(BRIEF):
All of the data below should be output exactly as given.
** DATA UNDER STUDY follows **
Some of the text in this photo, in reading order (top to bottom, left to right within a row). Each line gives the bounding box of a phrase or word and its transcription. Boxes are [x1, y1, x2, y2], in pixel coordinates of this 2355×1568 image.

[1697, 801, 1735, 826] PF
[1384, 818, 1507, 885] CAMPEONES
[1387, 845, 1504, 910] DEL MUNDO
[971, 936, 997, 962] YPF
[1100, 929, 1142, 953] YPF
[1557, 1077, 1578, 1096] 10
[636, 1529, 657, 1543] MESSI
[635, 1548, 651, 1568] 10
** End of DATA UNDER STUDY **
(ANSWER BOX):
Some of the text in this photo, in reading order (top to bottom, left to right within a row). Each line gives the bounding box of a phrase or word and its transcription. Boxes are [x1, y1, x2, y2], in pixel coordinates of this 2355×1568 image.

[1697, 801, 1735, 826] PF
[1384, 818, 1507, 885] CAMPEONES
[1387, 845, 1504, 910] DEL MUNDO
[971, 936, 997, 962] YPF
[1100, 929, 1142, 953] YPF
[1557, 1077, 1578, 1096] 10
[636, 1529, 657, 1543] MESSI
[635, 1548, 651, 1568] 10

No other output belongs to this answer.